Vorticity profiles for different rates of temporal increase in jet exit diameter. Radial variable (R) is measured along section A–A′ indicated in figure 1. Square symbols indicate vorticity profile for constant exit diameter D=0.45 D_inlet. Circle symbols indicate increase from D=0.45 D_inlet to 0.67 D_inlet in 2.2 s. Triangle symbols indicate increase from D=0.45 D_inlet to 0.67 D_inlet in 1.2 s.

Figure 3

Tail-first swimming kinematics of Lolliguncula brevis.

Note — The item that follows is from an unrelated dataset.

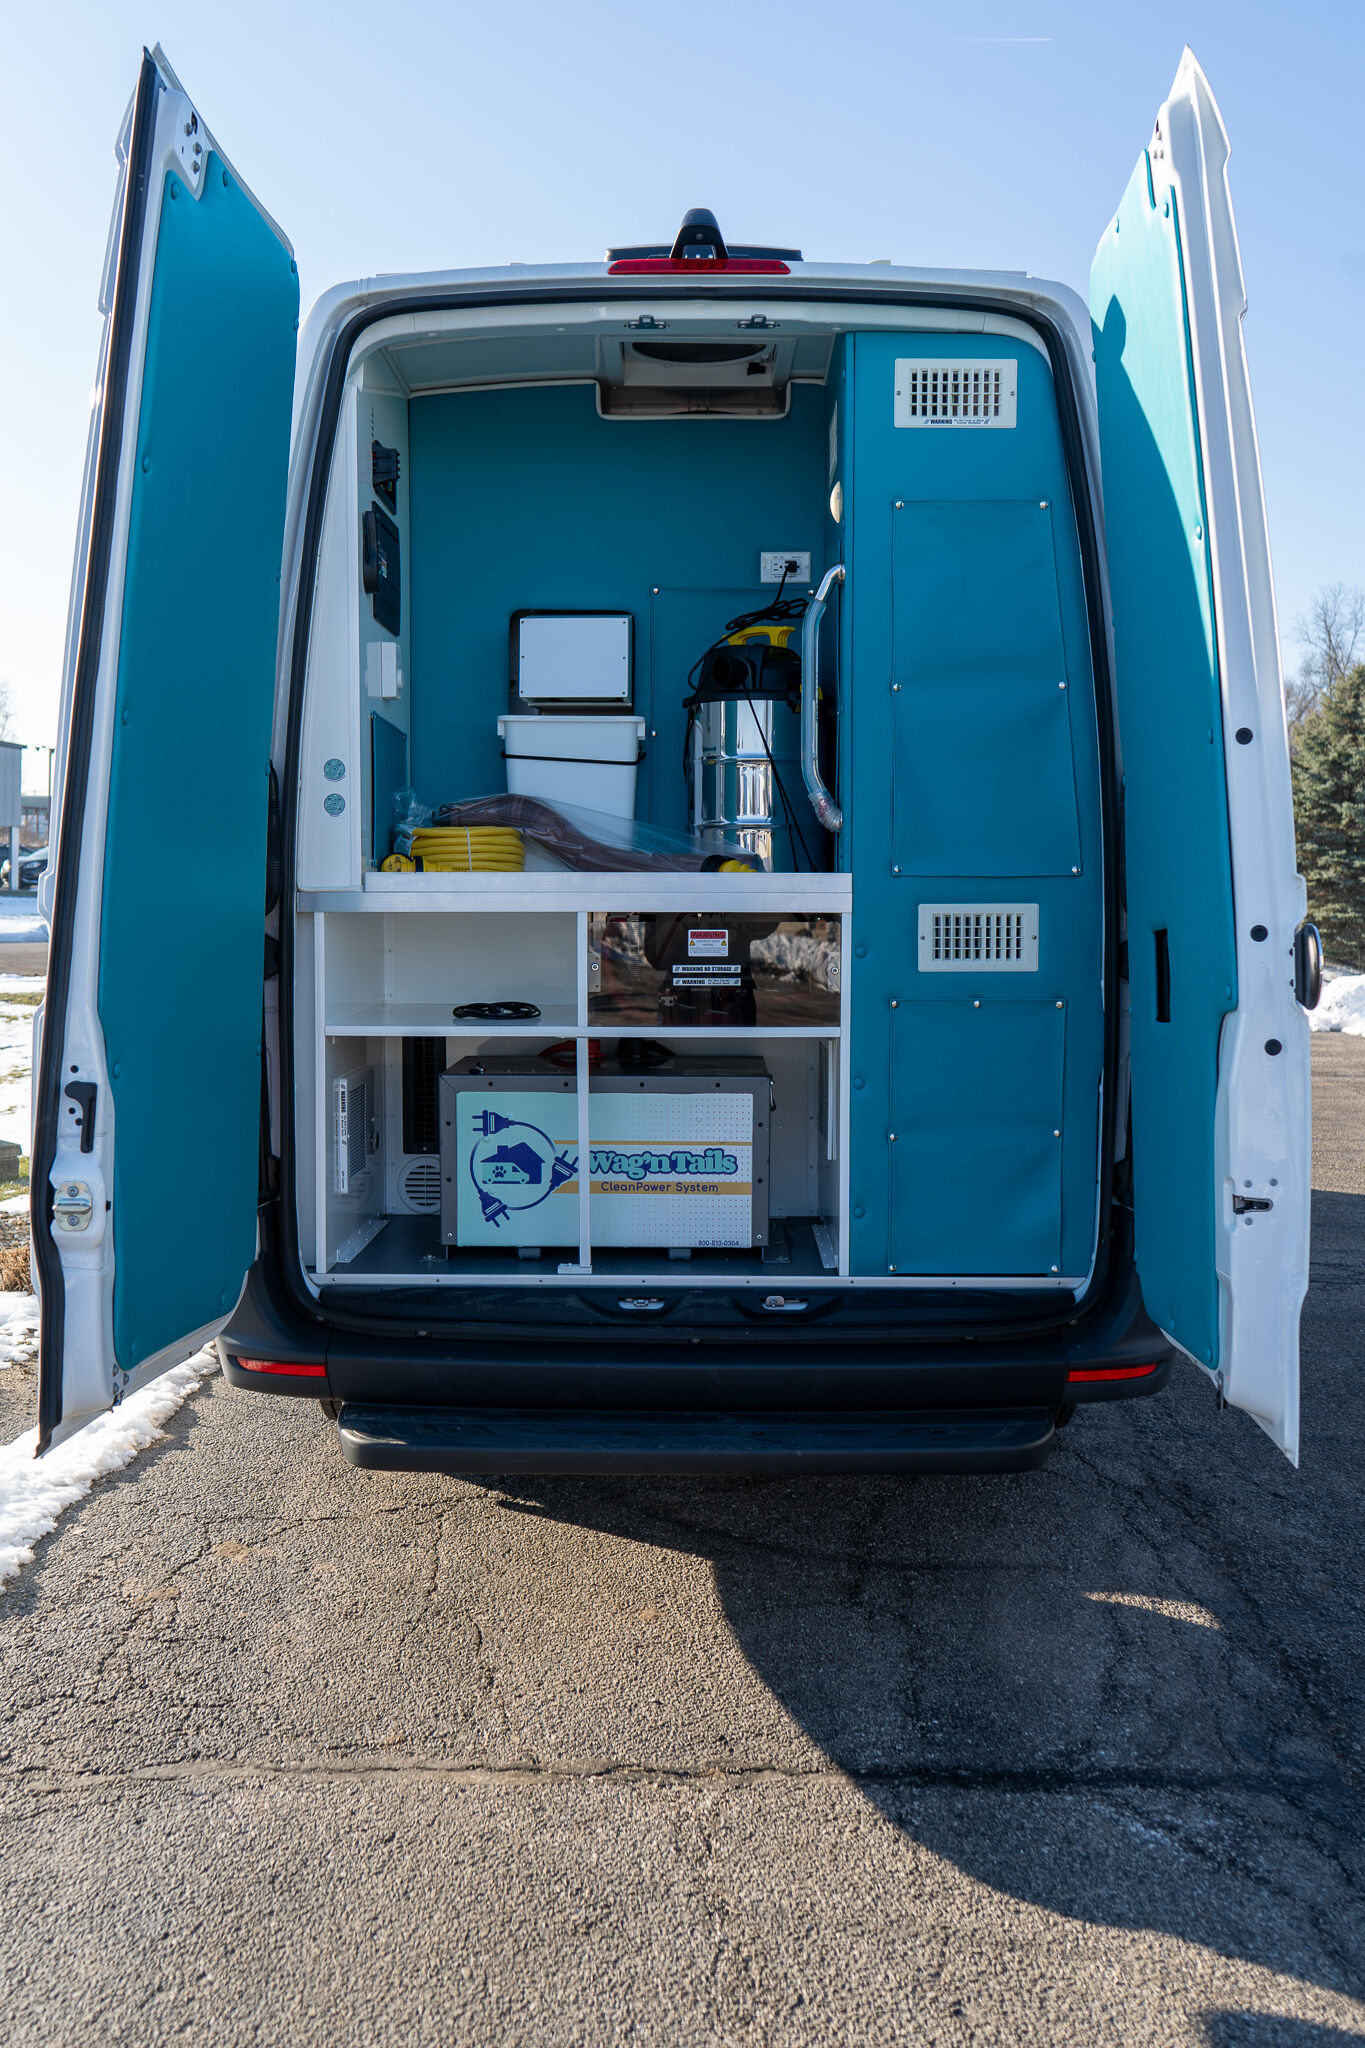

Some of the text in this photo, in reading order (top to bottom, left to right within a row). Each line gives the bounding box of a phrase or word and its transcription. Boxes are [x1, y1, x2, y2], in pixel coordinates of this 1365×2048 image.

Jet exit diameter and velocity data from successive swimming cycles were compiled from Bartol et al. 2001. Dashed vertical lines indicate range of vortex-limiting formation time, 3.5<(L/D)*<4.5. Cross symbols indicate trends computed using $L/\overline{D}$ as defined in the text. Circle symbols and solid line indicate trend computed using (L/D)* as defined in the text. Formation time calculations include the effect of background flow as in Krueger et al. (2003).

Figure 4

Transmitral flow during normal and pathological early diastolic filling (E-wave). Jet exit diameter and velocity data for each patient were compiled from Verdonck et al. (1996). Diameter data are normalized by the time-averaged mitral valve exit diameter in each patient to facilitate quantitative comparison. Dashed vertical line indicates lower bound of vortex-limiting formation time, (L/D)*=3.5. Open circle symbols indicate points of correlation with optimal vortex formation time.